• Problem statement
Would you repeat the entries below word for word and omit the pictures?

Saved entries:
═══

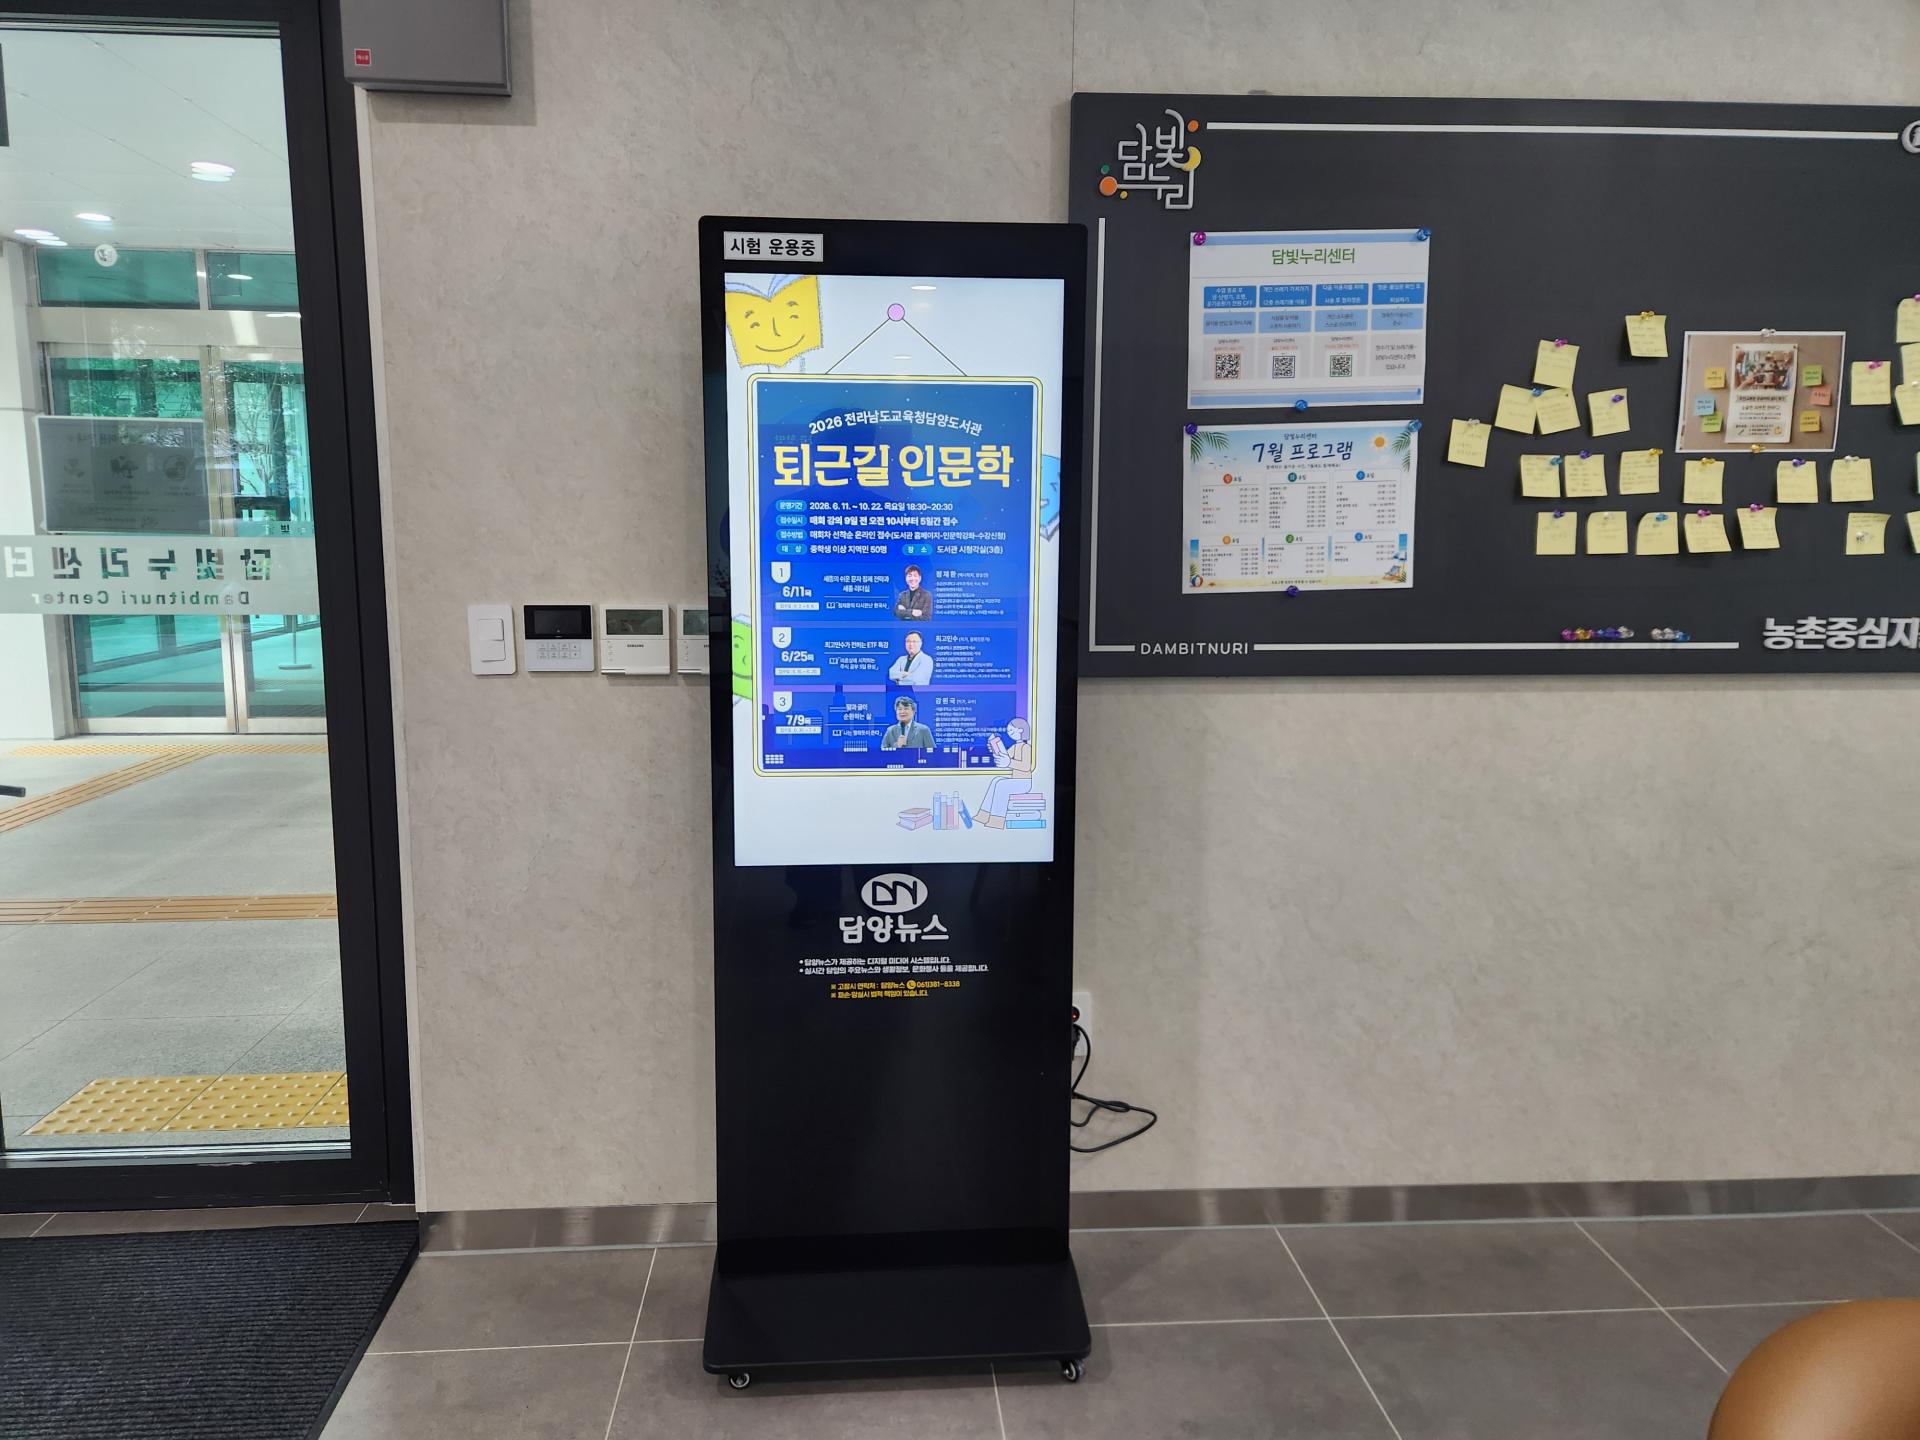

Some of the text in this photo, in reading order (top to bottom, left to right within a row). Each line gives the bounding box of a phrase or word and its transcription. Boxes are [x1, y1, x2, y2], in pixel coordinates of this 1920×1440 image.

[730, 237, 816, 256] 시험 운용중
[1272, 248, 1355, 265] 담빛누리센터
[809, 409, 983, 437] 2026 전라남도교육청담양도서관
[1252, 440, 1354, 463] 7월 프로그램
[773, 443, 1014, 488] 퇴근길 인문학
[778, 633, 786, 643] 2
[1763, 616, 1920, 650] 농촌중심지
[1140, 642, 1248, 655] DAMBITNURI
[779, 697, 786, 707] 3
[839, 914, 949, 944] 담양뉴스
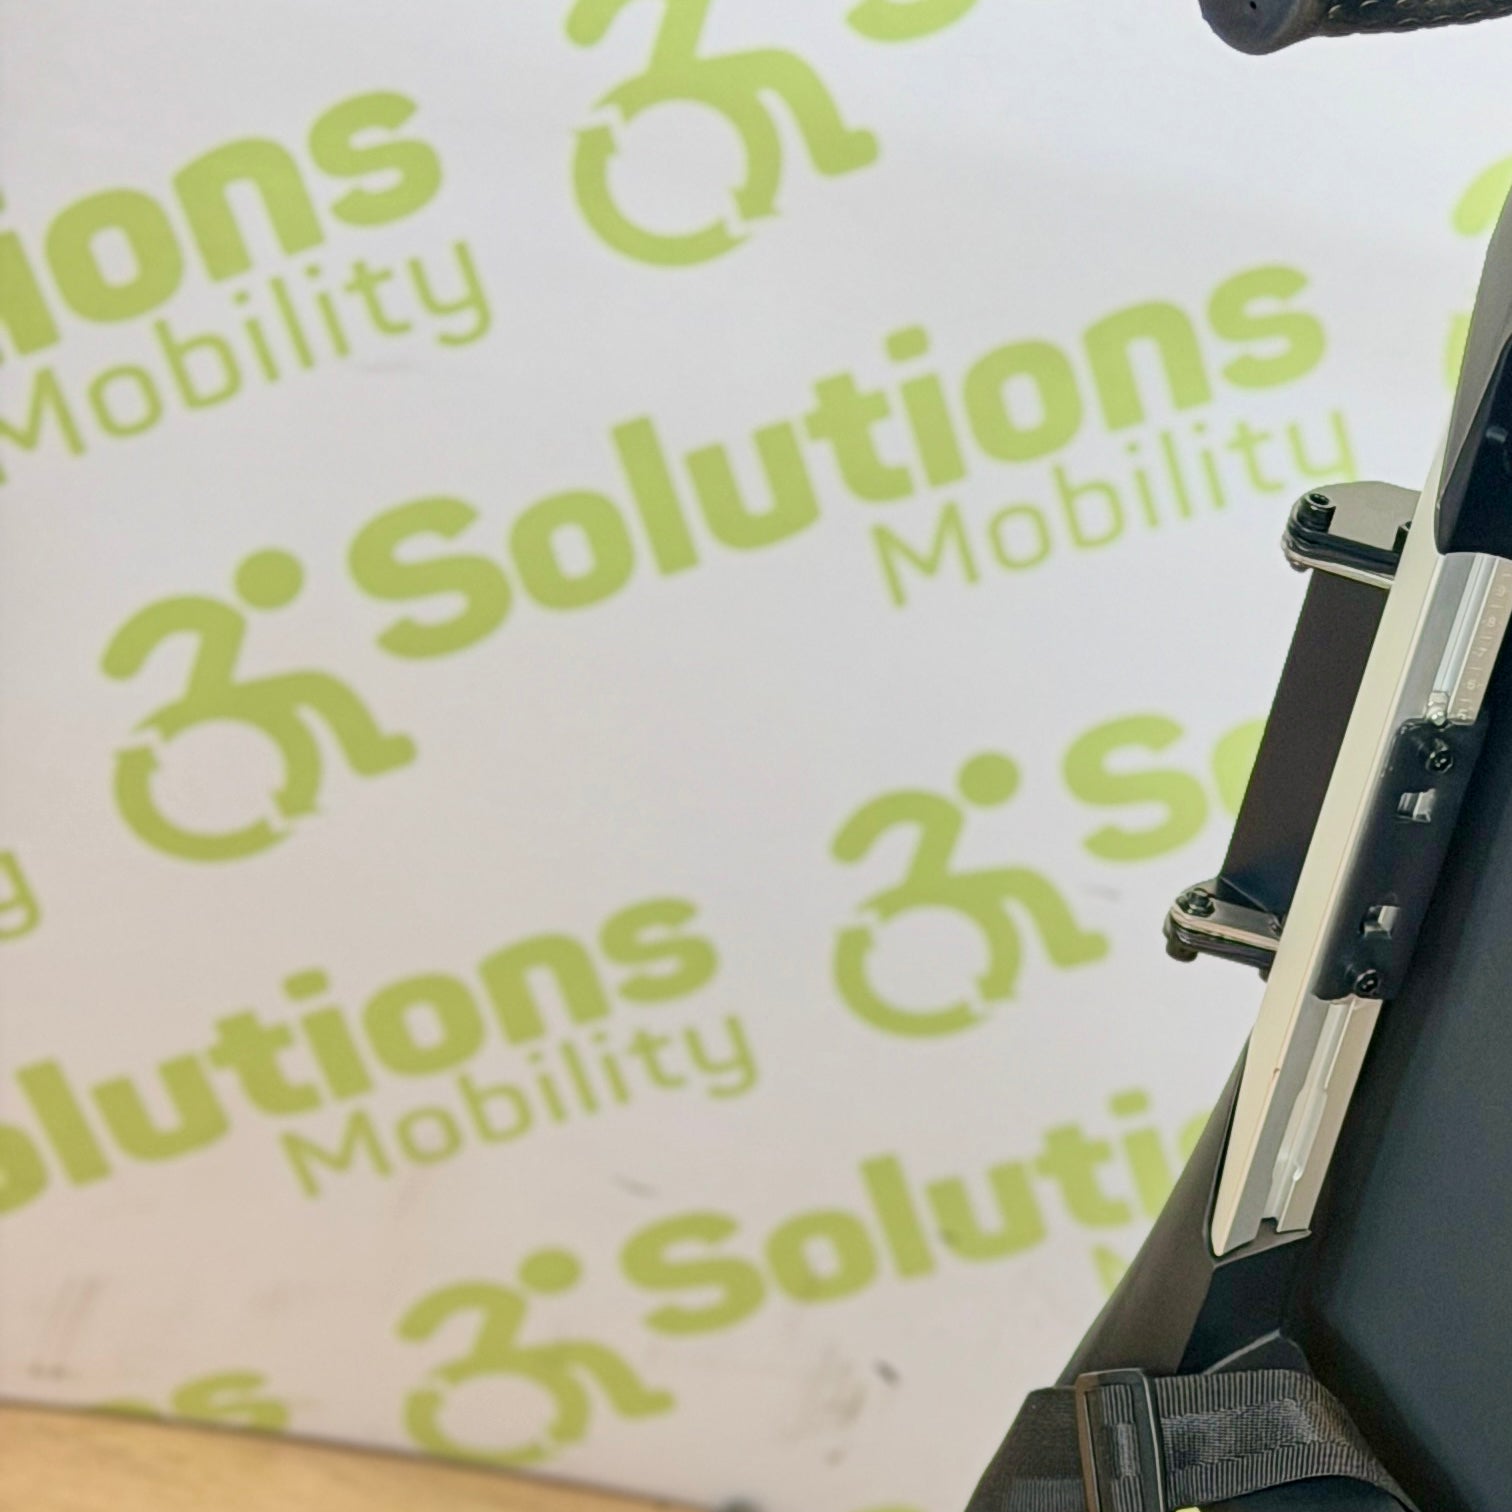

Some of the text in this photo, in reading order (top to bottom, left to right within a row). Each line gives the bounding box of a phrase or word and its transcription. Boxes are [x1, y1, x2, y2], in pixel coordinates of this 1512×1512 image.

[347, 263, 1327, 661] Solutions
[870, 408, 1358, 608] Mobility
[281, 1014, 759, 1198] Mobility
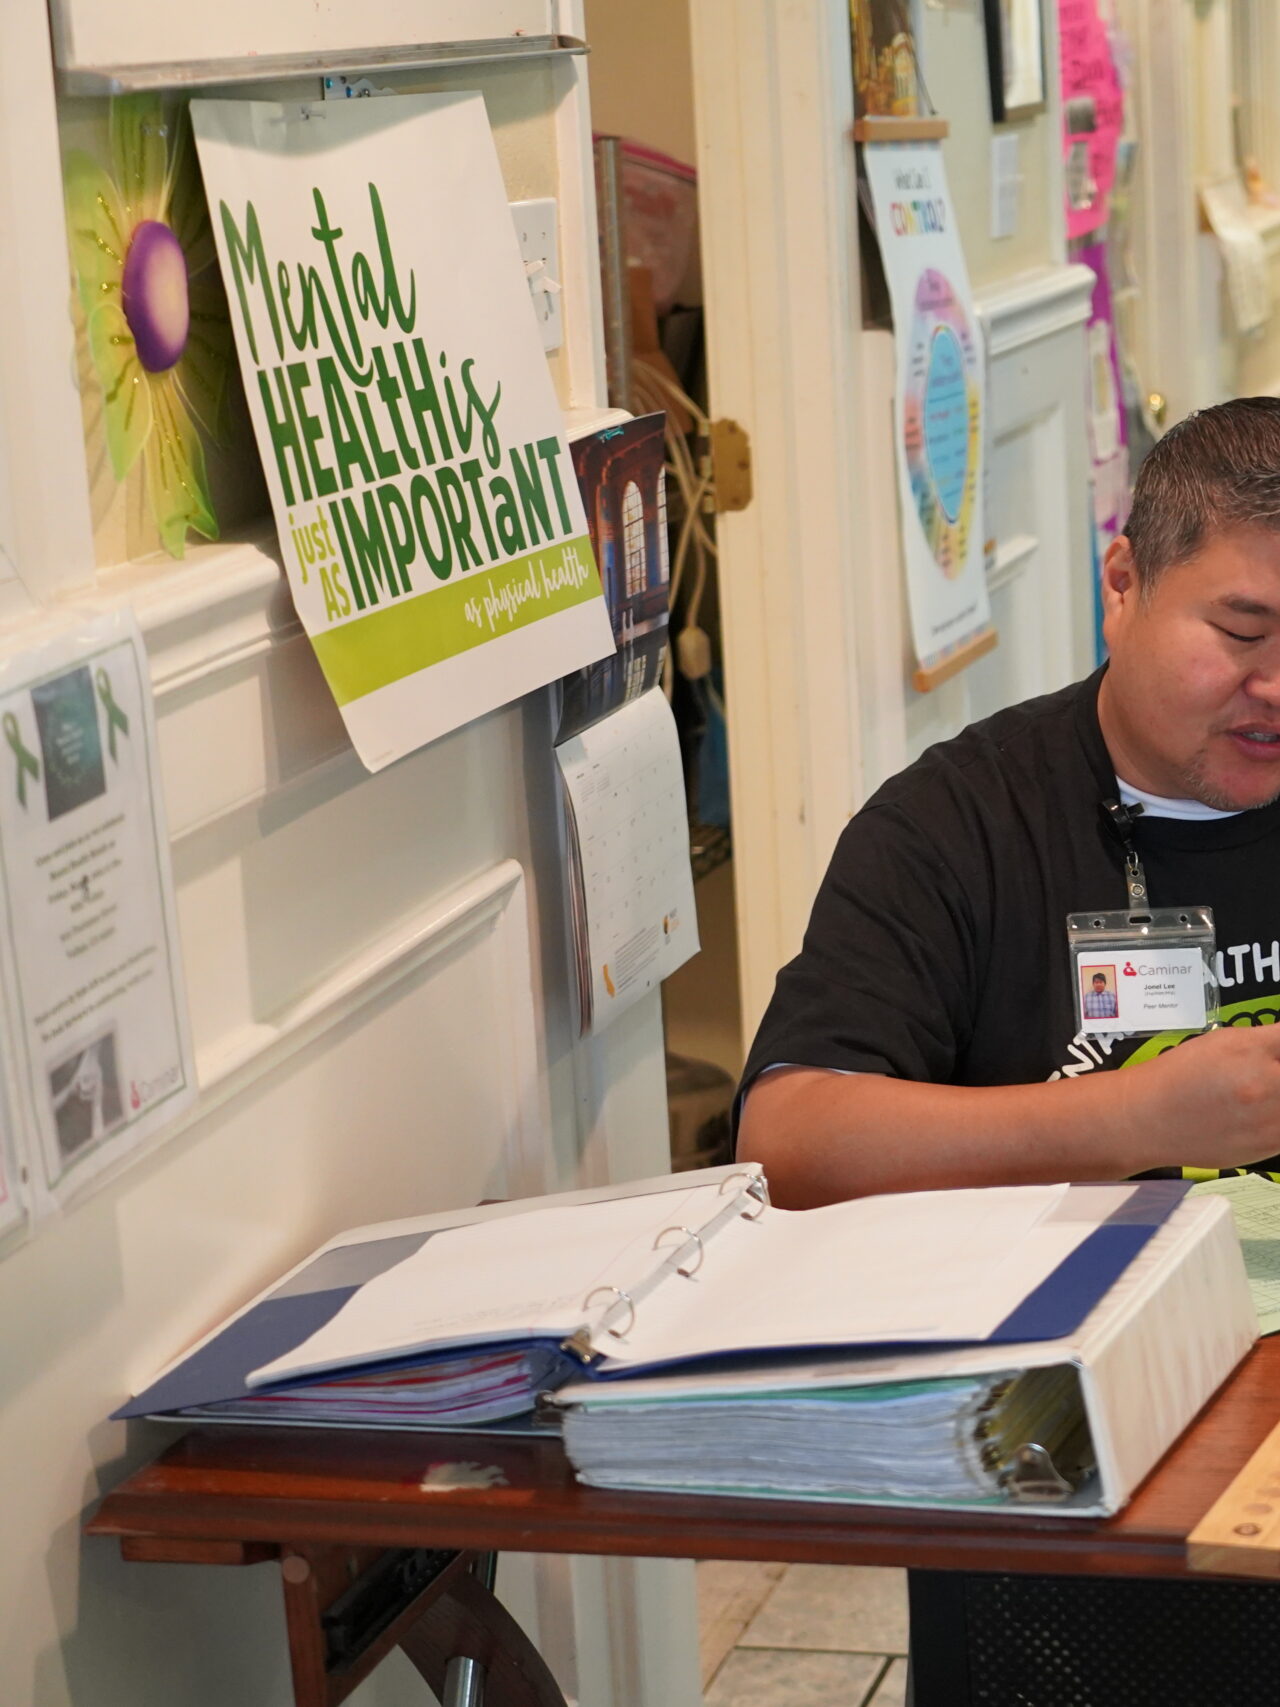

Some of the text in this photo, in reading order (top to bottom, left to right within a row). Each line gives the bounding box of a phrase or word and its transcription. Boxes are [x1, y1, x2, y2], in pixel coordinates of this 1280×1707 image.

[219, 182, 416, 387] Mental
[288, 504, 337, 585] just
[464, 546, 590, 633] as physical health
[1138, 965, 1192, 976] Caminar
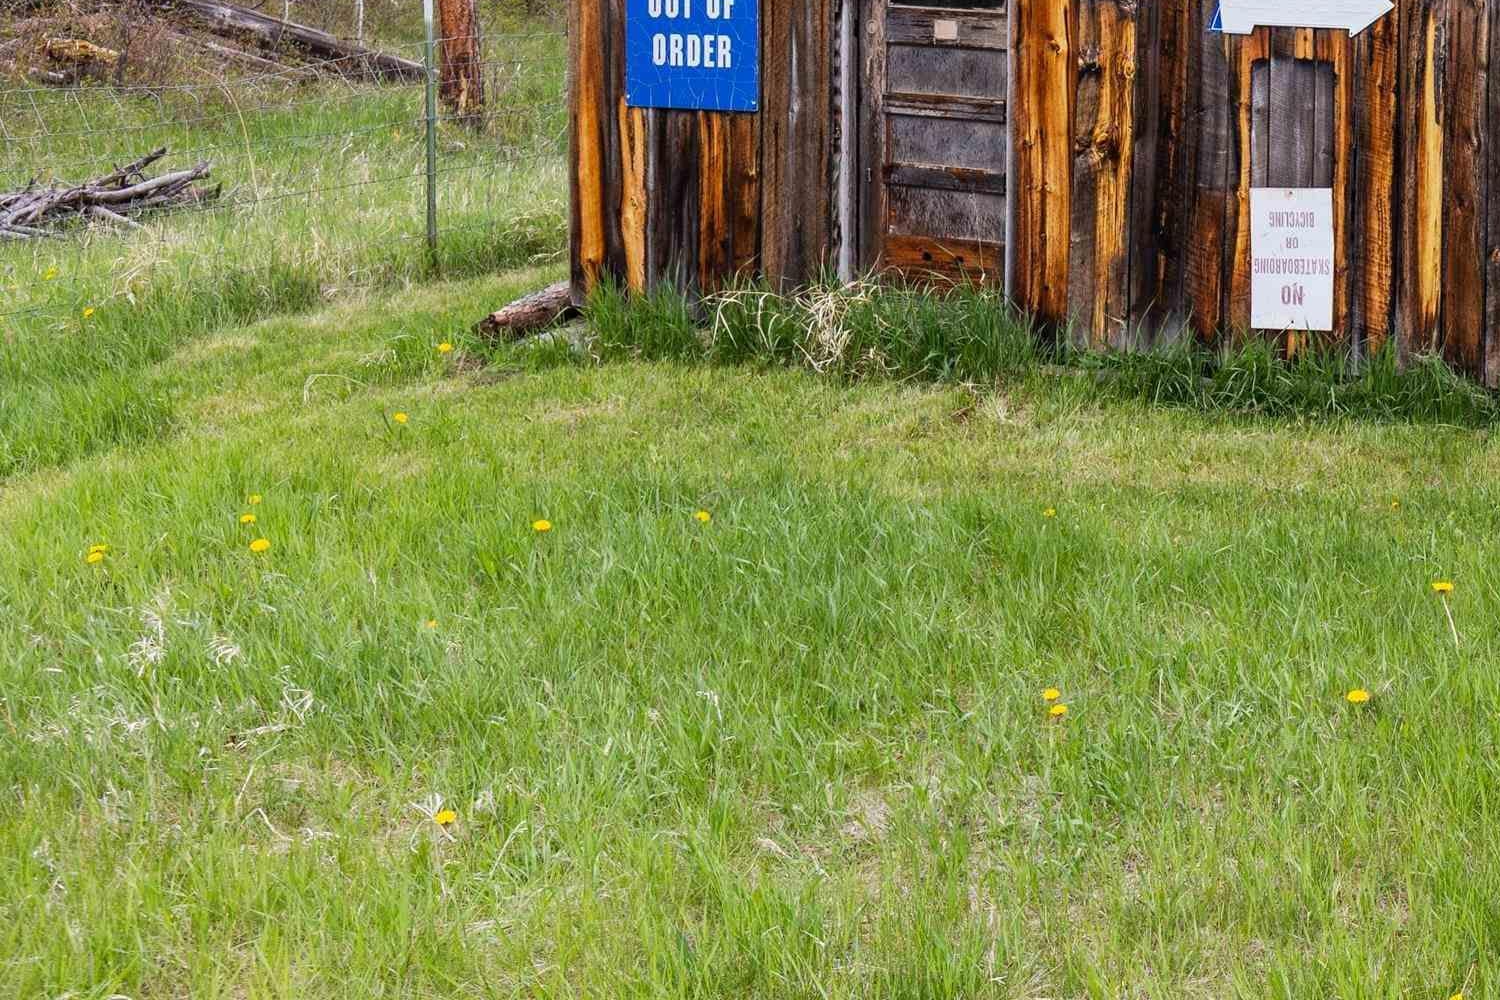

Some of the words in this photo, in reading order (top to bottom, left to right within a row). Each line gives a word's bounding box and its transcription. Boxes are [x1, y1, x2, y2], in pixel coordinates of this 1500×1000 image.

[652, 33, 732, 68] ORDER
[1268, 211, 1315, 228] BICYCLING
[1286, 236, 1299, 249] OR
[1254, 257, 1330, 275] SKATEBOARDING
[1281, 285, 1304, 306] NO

═══

• Response to the exercise
Some of the text in this photo, in reading order (top to bottom, left to right within a row). Each line gives the bounding box of a phrase or word and its transcription. Boxes are [x1, y1, x2, y2], in pixel coordinates of this 1920×1440 image.

[730, 237, 816, 256] 시험 운용중
[1272, 248, 1355, 265] 담빛누리센터
[809, 409, 983, 437] 2026 전라남도교육청담양도서관
[1252, 440, 1354, 463] 7월 프로그램
[773, 443, 1014, 488] 퇴근길 인문학
[778, 633, 786, 643] 2
[1763, 616, 1920, 650] 농촌중심지
[1140, 642, 1248, 655] DAMBITNURI
[779, 697, 786, 707] 3
[839, 914, 949, 944] 담양뉴스

Some of the text in this photo, in reading order (top to bottom, left to right within a row). Each line gives the bounding box of a phrase or word and its transcription. Boxes are [x1, y1, x2, y2], in pixel coordinates of this 1512×1512 image.

[347, 263, 1327, 661] Solutions
[870, 408, 1358, 608] Mobility
[281, 1014, 759, 1198] Mobility

Some of the text in this photo, in reading order (top to bottom, left to right within a row). Each line gives the bounding box of a phrase or word and its transcription. Boxes are [x1, y1, x2, y2], in pixel coordinates of this 1280×1707 image.

[219, 182, 416, 387] Mental
[288, 504, 337, 585] just
[464, 546, 590, 633] as physical health
[1138, 965, 1192, 976] Caminar

Some of the words in this photo, in reading order (top to bottom, left to right within a row). Each line gives a word's bounding box and its transcription. Boxes are [x1, y1, x2, y2], in pixel coordinates of this 1500×1000 image.

[652, 33, 732, 68] ORDER
[1268, 211, 1315, 228] BICYCLING
[1286, 236, 1299, 249] OR
[1254, 257, 1330, 275] SKATEBOARDING
[1281, 285, 1304, 306] NO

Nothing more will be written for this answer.